● Dataset entries
··········

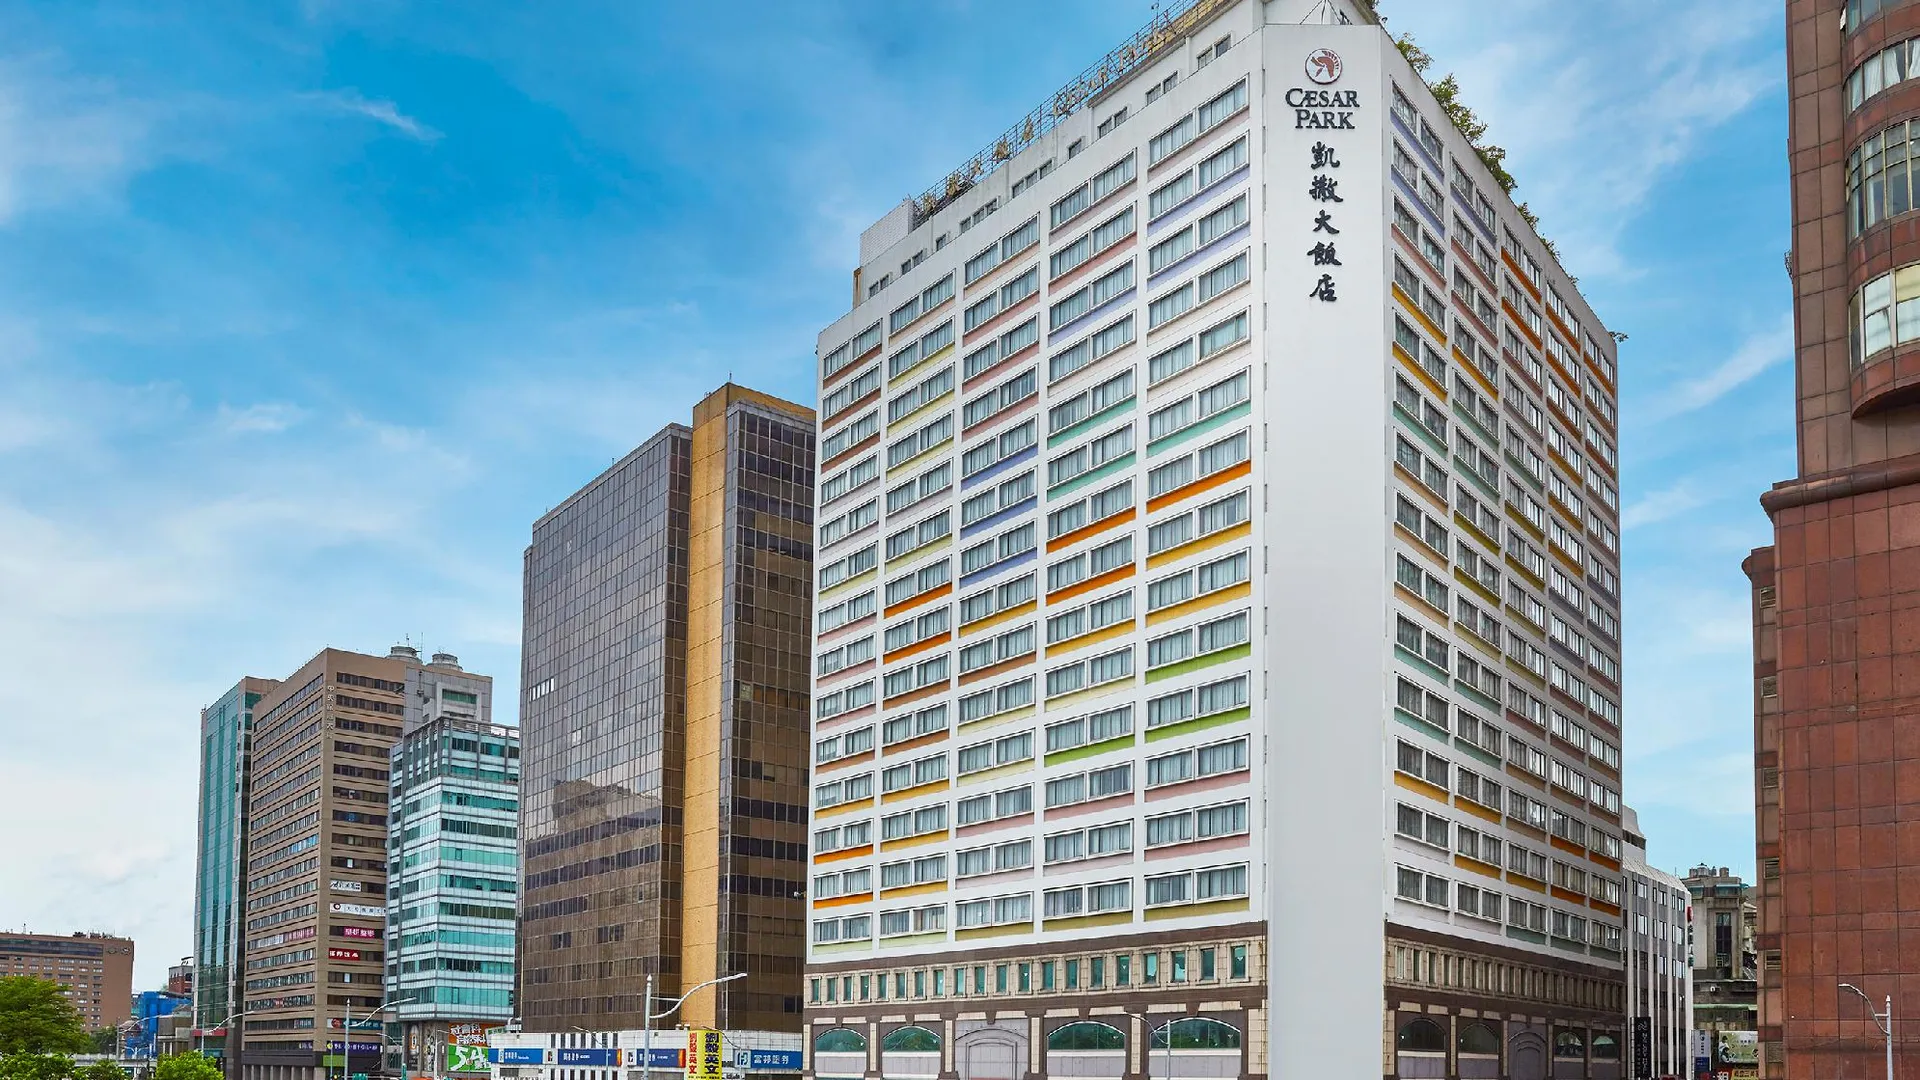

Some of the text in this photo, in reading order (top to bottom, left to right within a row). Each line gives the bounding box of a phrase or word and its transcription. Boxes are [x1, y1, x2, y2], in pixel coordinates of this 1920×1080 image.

[1295, 109, 1355, 130] PARK
[1307, 141, 1344, 302] 凱撒大飯店
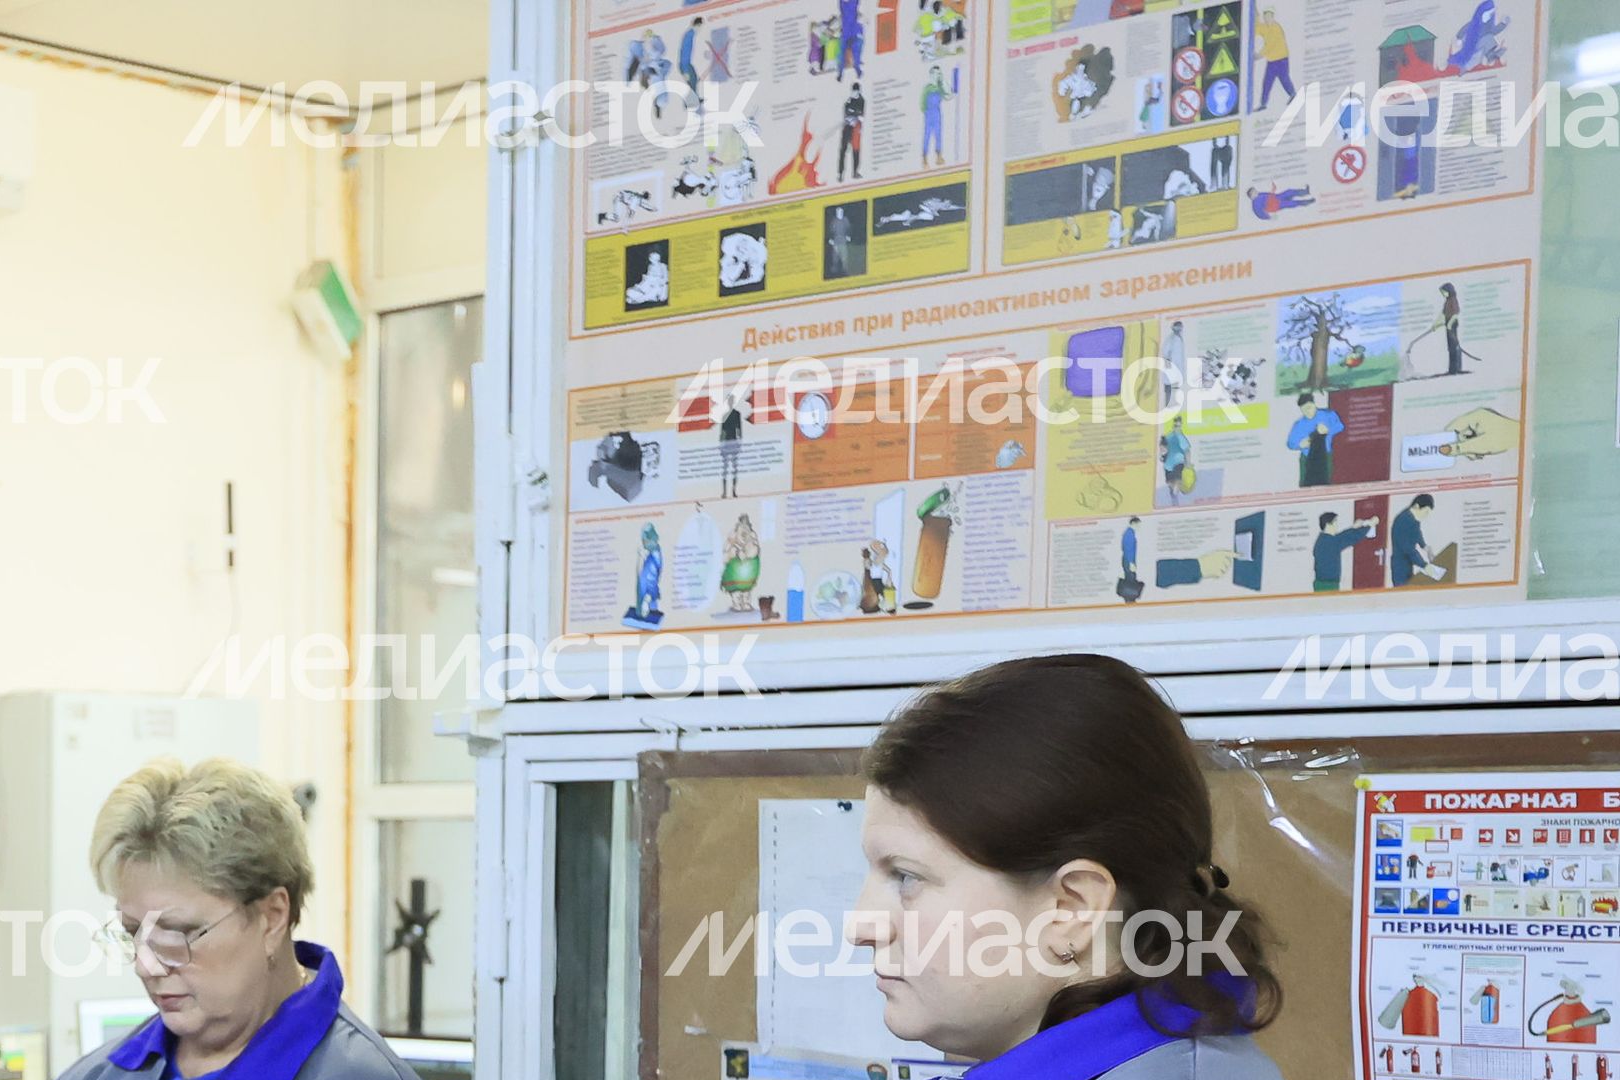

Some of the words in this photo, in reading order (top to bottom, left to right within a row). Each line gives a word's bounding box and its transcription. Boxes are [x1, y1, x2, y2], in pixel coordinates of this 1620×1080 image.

[741, 319, 846, 352] Действия
[853, 314, 894, 338] при
[901, 283, 1091, 331] радиоактивном
[1099, 260, 1254, 301] заражении
[1424, 791, 1578, 810] ПОЖАРНАЯ
[1603, 791, 1620, 808] Б
[1572, 818, 1620, 827] ПОЖАРНО
[1381, 920, 1519, 937] ПЕРВИЧНЫЕ
[1526, 923, 1620, 940] СРЕДСТ
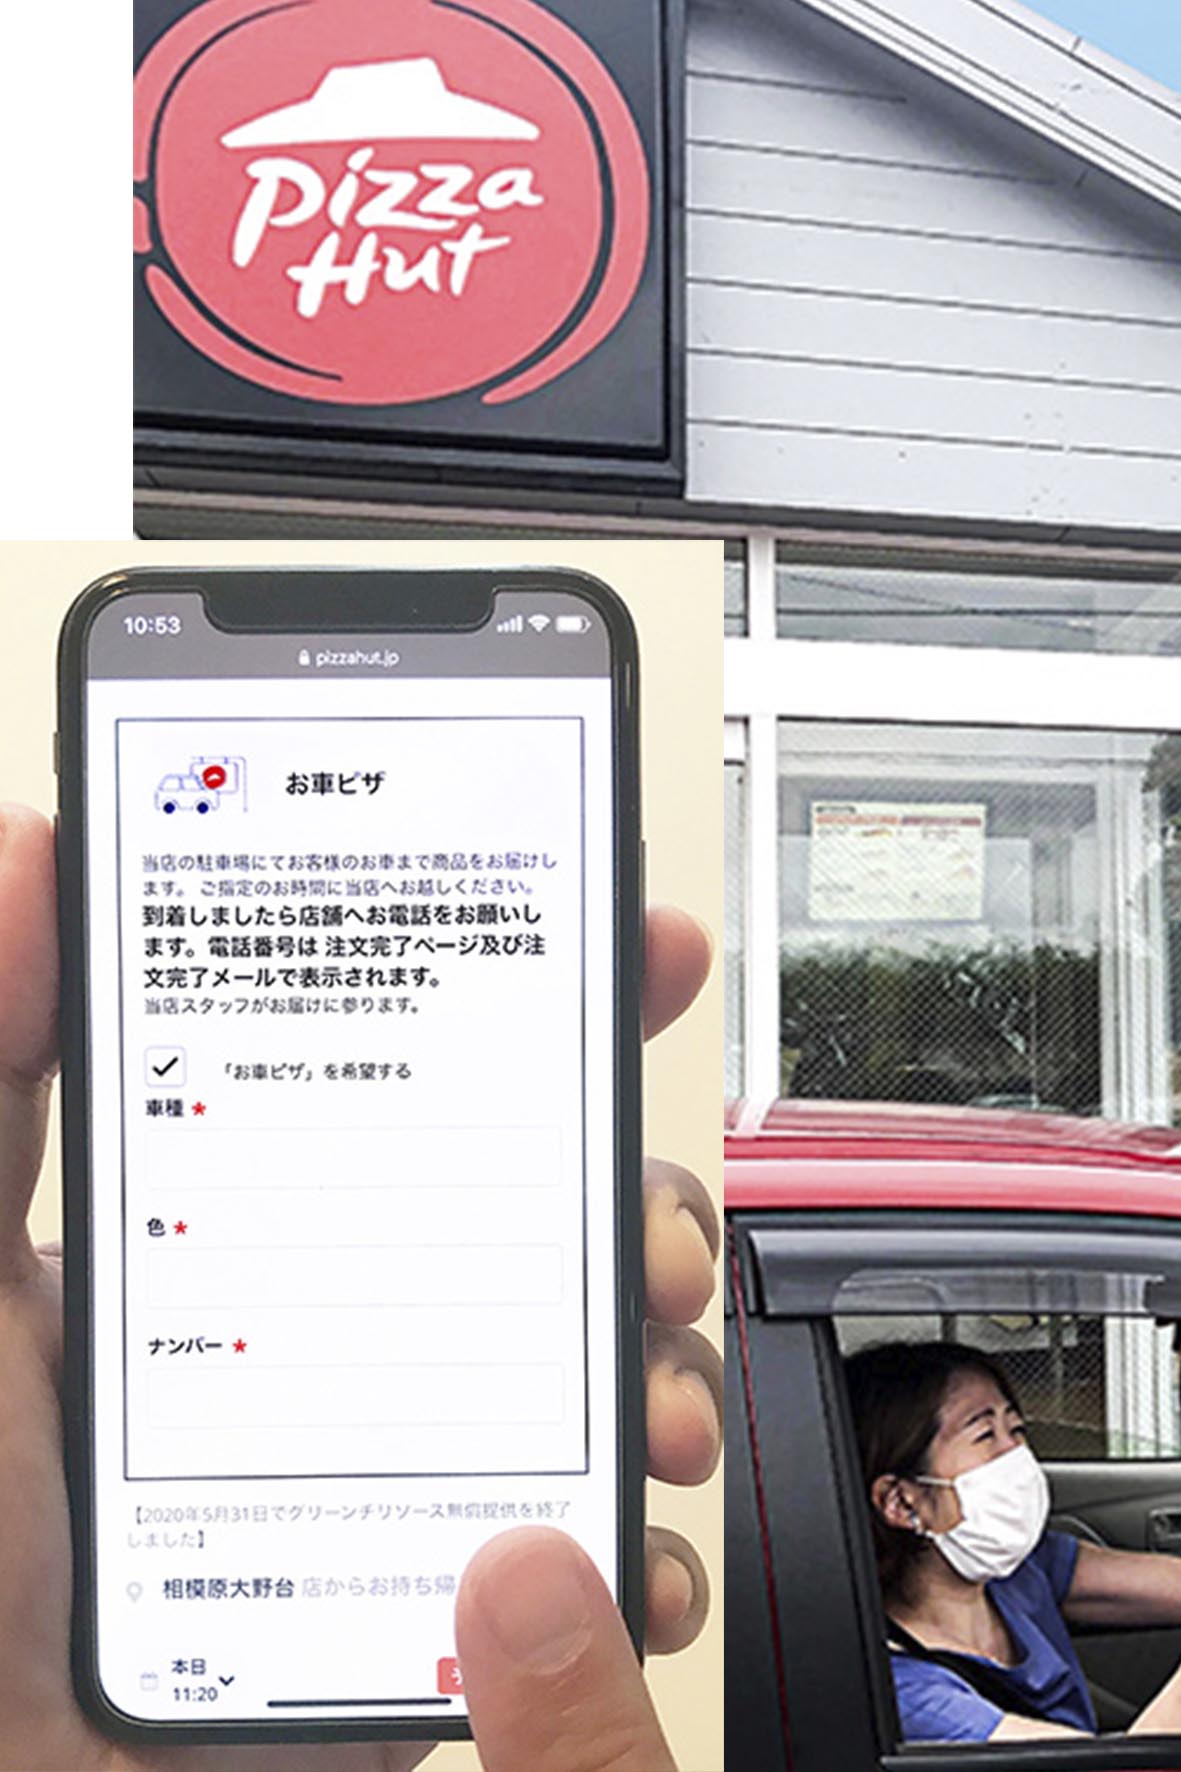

··········

● The task
The entries are to be restated word for word, with pictures omitted.

● Your response
Some of the text in this photo, in reading order (top to bottom, left to right within a row). Each line gives the bounding box of a phrase or word and its transcription. Boxes are [x1, y1, x2, y2], in pixel coordinates of this 1920×1080 image.

[1295, 109, 1355, 130] PARK
[1307, 141, 1344, 302] 凱撒大飯店

Some of the words in this photo, in reading order (top to bottom, left to right within a row). Each line gives a word's bounding box and its transcription. Boxes are [x1, y1, x2, y2], in pixel coordinates of this 1620×1080 image.

[741, 319, 846, 352] Действия
[853, 314, 894, 338] при
[901, 283, 1091, 331] радиоактивном
[1099, 260, 1254, 301] заражении
[1424, 791, 1578, 810] ПОЖАРНАЯ
[1603, 791, 1620, 808] Б
[1572, 818, 1620, 827] ПОЖАРНО
[1381, 920, 1519, 937] ПЕРВИЧНЫЕ
[1526, 923, 1620, 940] СРЕДСТ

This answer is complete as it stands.